DATASET ENTRIES:

*** Block opens ***

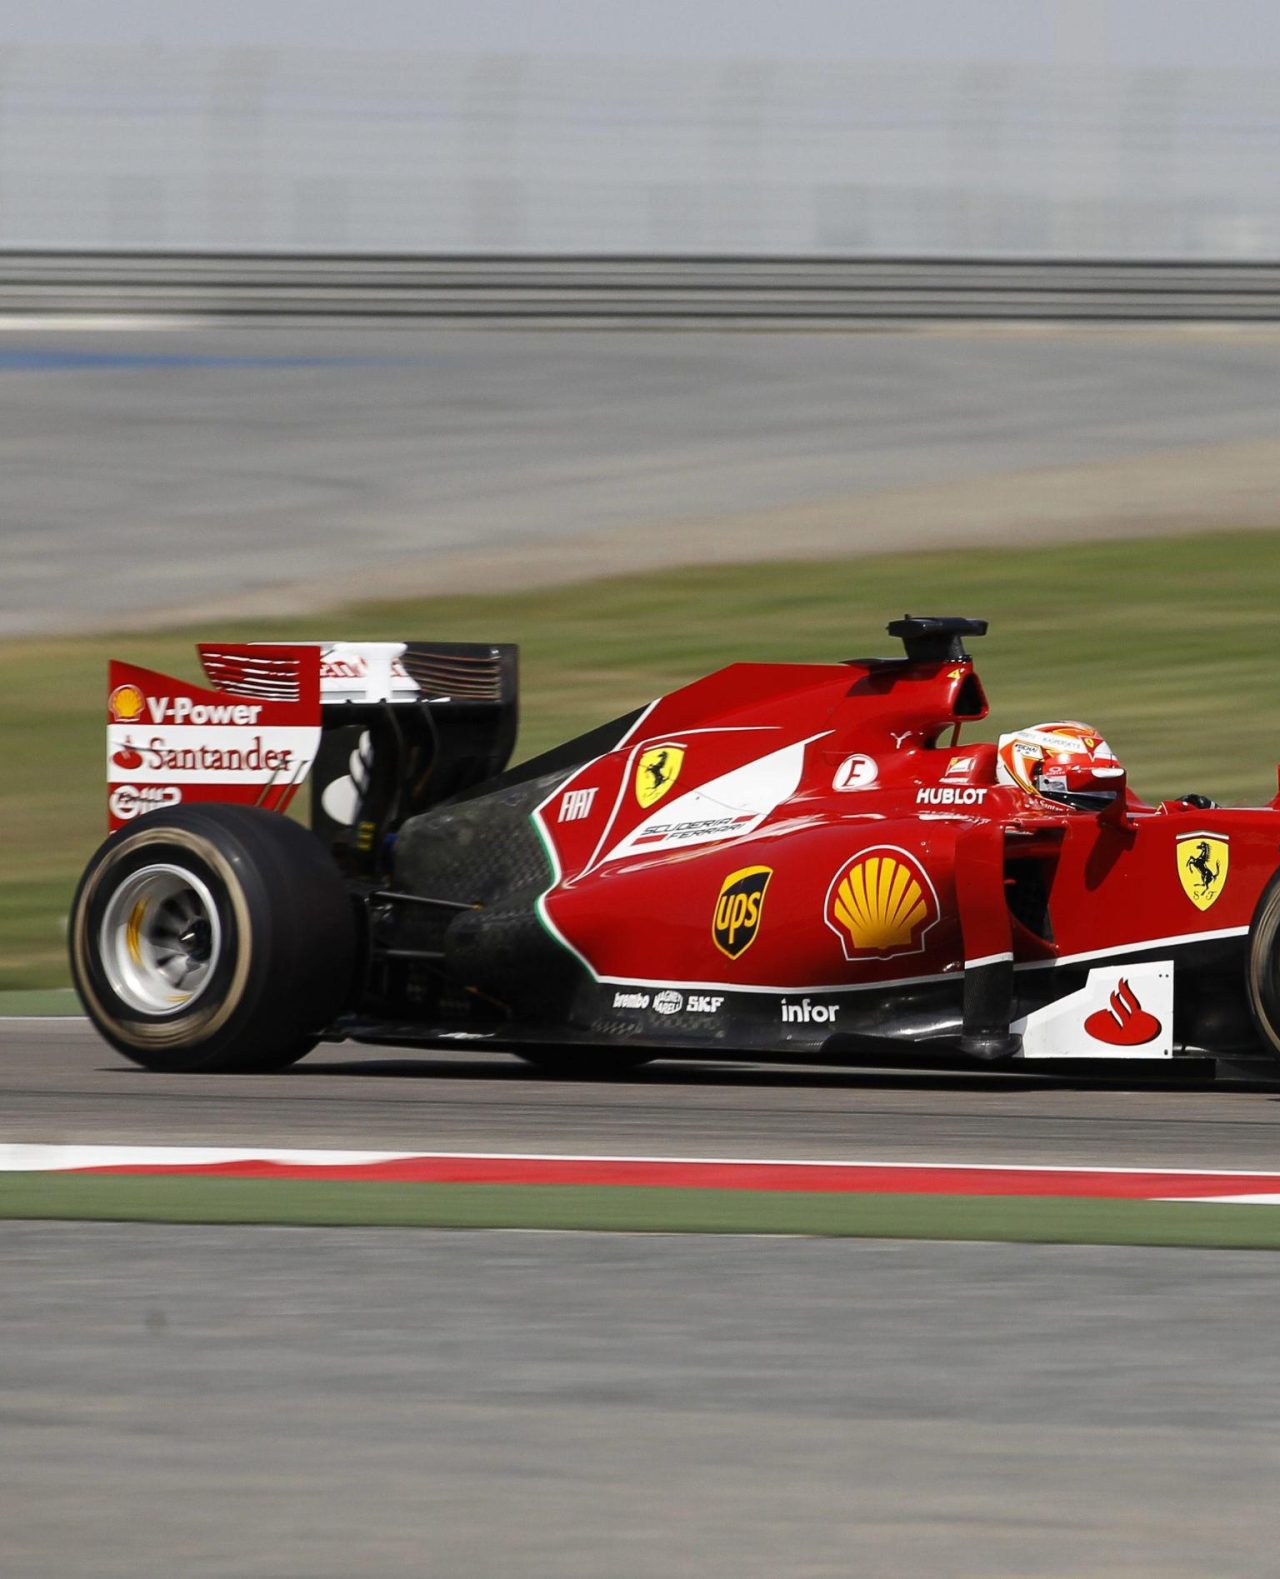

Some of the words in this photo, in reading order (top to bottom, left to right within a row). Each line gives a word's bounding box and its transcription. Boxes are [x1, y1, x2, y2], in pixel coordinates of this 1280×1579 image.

[146, 697, 262, 724] V-Power
[149, 736, 292, 771] Santander
[557, 788, 599, 823] FIAT
[915, 788, 988, 805] HUBLOT
[641, 817, 733, 836] SCUDERIA
[666, 824, 746, 841] FERRARI
[686, 995, 724, 1012] SKF
[781, 998, 839, 1022] infor
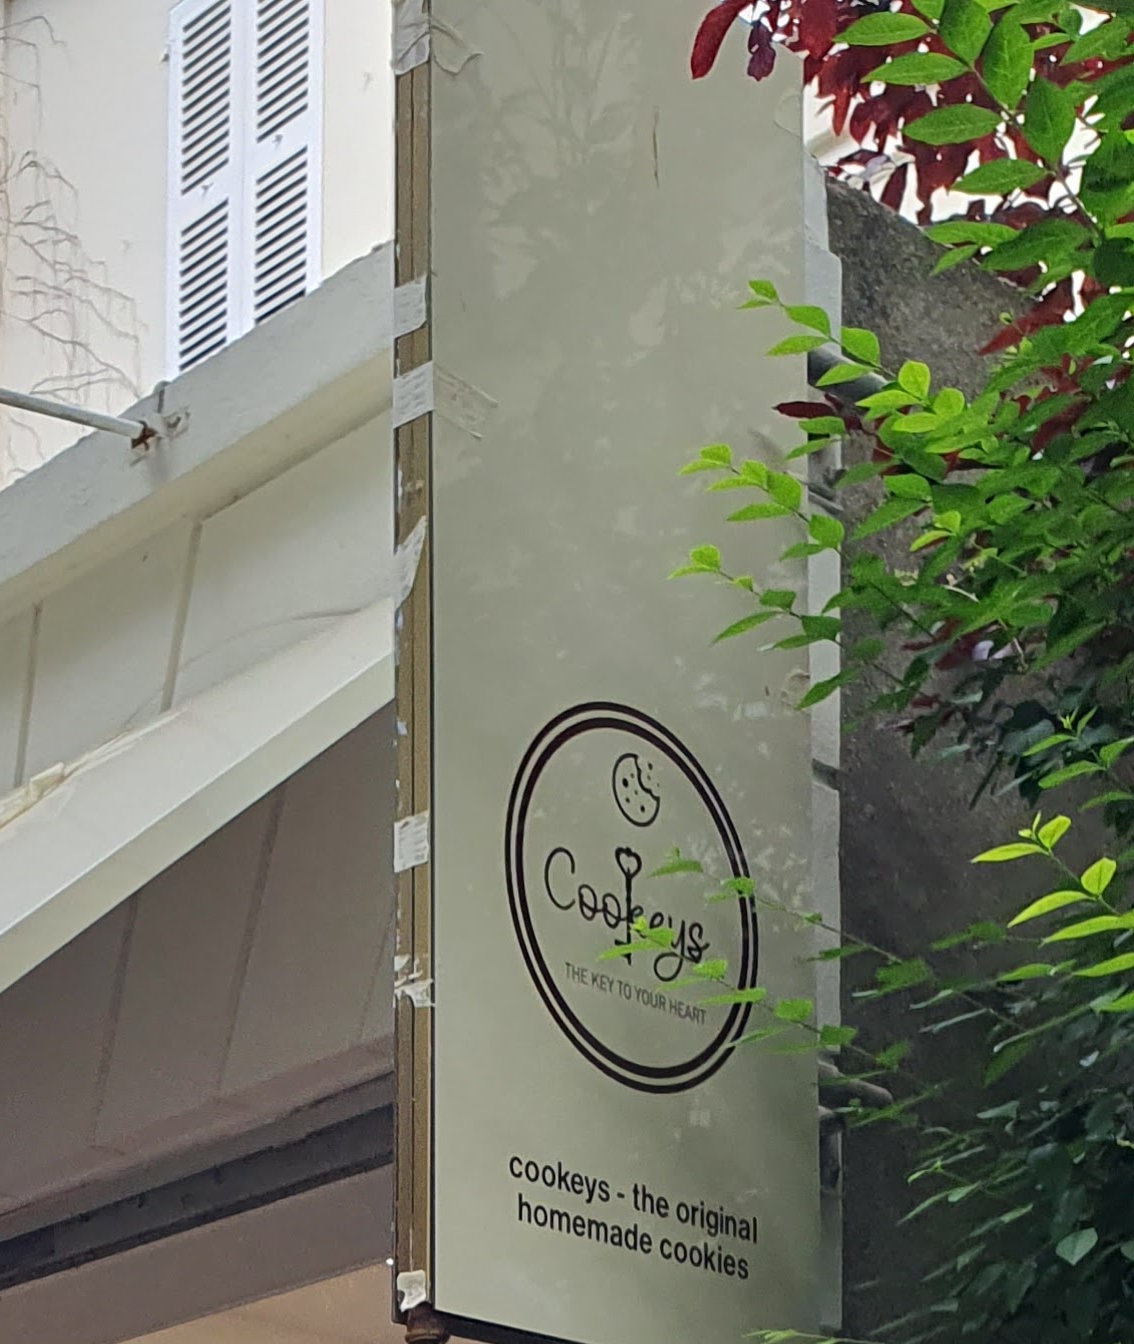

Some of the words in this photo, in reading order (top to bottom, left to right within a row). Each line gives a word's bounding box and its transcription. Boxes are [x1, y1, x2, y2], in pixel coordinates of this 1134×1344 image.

[565, 961, 588, 985] THE
[591, 972, 615, 993] KEY
[617, 980, 632, 1001] TO
[633, 986, 666, 1013] YOUR
[668, 999, 707, 1026] HEART
[509, 1156, 610, 1204] cookeys
[632, 1183, 669, 1219] the
[676, 1200, 758, 1244] original
[517, 1193, 653, 1255] homemade
[659, 1238, 749, 1280] cookies
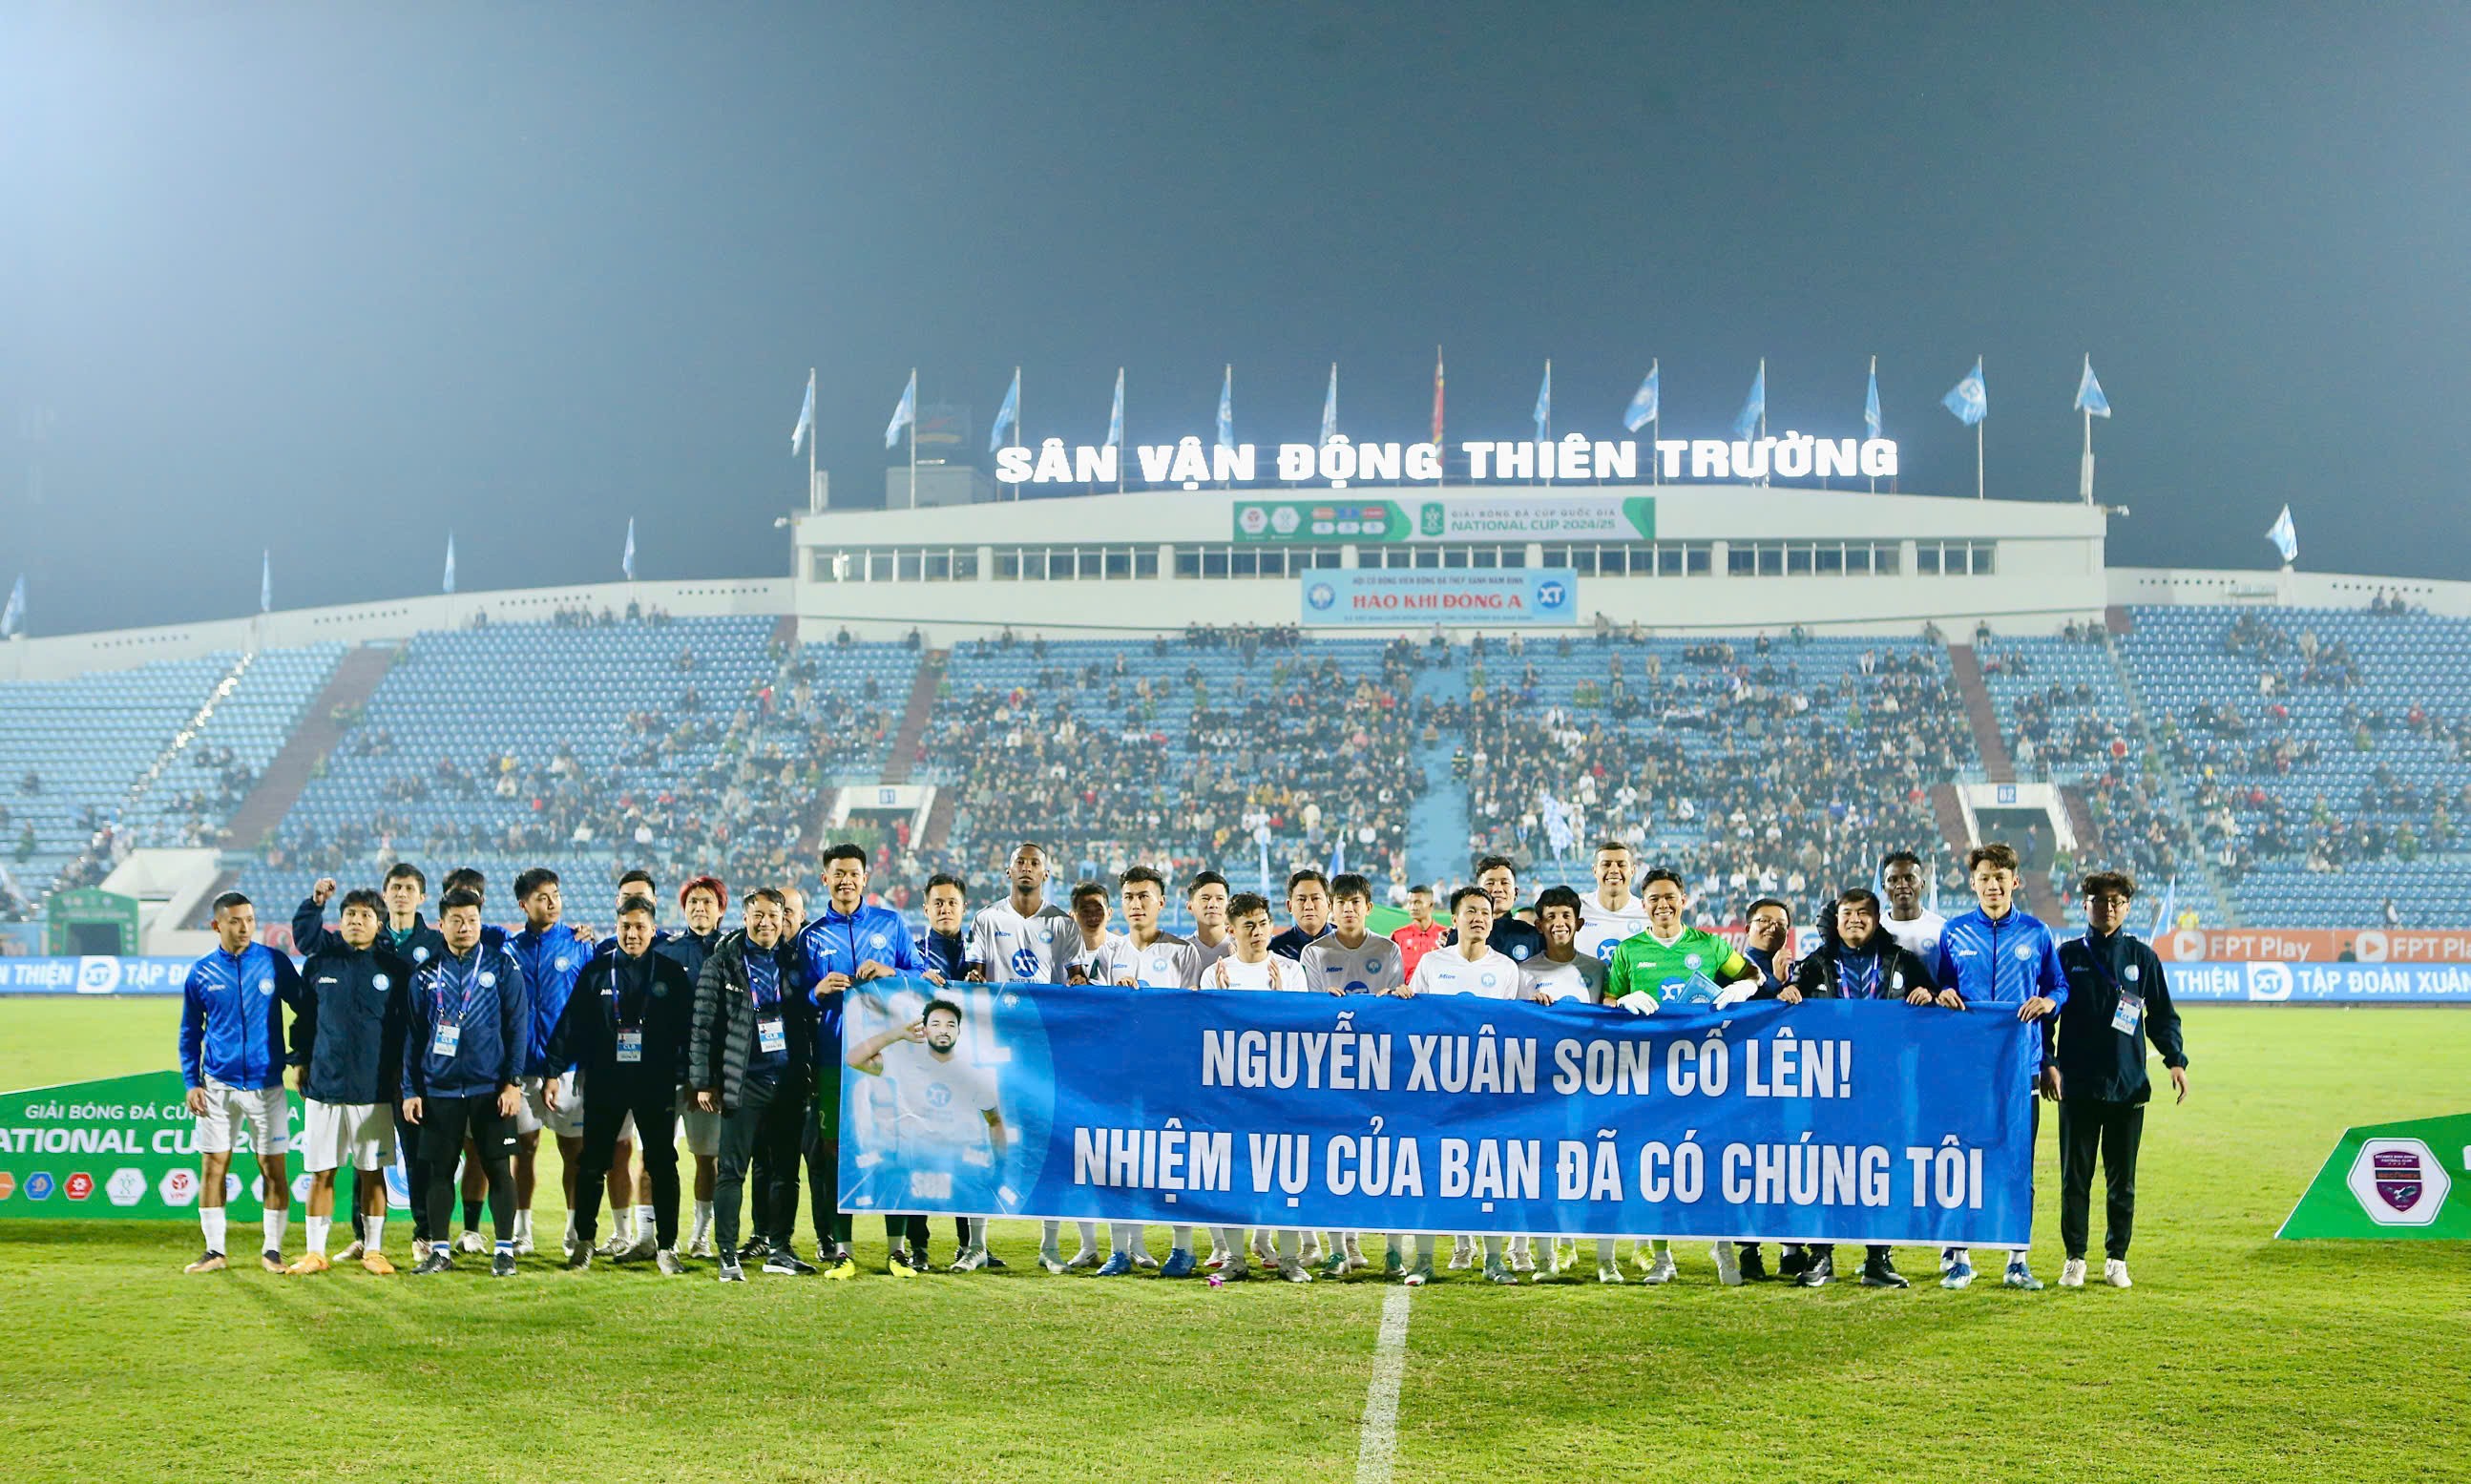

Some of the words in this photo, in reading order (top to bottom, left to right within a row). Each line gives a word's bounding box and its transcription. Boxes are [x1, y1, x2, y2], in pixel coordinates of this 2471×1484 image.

*** Block closes ***

TASK INSTRUCTIONS:
Make an exact copy of the listing, with no images in it.

RESPONSE TO THIS TASK:
Some of the words in this photo, in reading order (top to bottom, left to right within a row). Each line gives a word's bounding box and its transcription. Boxes are [x1, y1, x2, y2], in pixel coordinates of this 1280×1579 image.

[146, 697, 262, 724] V-Power
[149, 736, 292, 771] Santander
[557, 788, 599, 823] FIAT
[915, 788, 988, 805] HUBLOT
[641, 817, 733, 836] SCUDERIA
[666, 824, 746, 841] FERRARI
[686, 995, 724, 1012] SKF
[781, 998, 839, 1022] infor

Some of the words in this photo, in reading order (top to bottom, left to right within a row). Each line gives a word's bounding box and its transcription. Boxes are [x1, y1, x2, y2], in pixel coordinates of this 1134×1344 image.

[565, 961, 588, 985] THE
[591, 972, 615, 993] KEY
[617, 980, 632, 1001] TO
[633, 986, 666, 1013] YOUR
[668, 999, 707, 1026] HEART
[509, 1156, 610, 1204] cookeys
[632, 1183, 669, 1219] the
[676, 1200, 758, 1244] original
[517, 1193, 653, 1255] homemade
[659, 1238, 749, 1280] cookies

Some of the words in this photo, in reading order (top to bottom, left to right within a row). Each line gives a word's bounding box and its transcription. Boxes are [x1, y1, x2, y2], in pixel coordinates of this 2471×1484 image.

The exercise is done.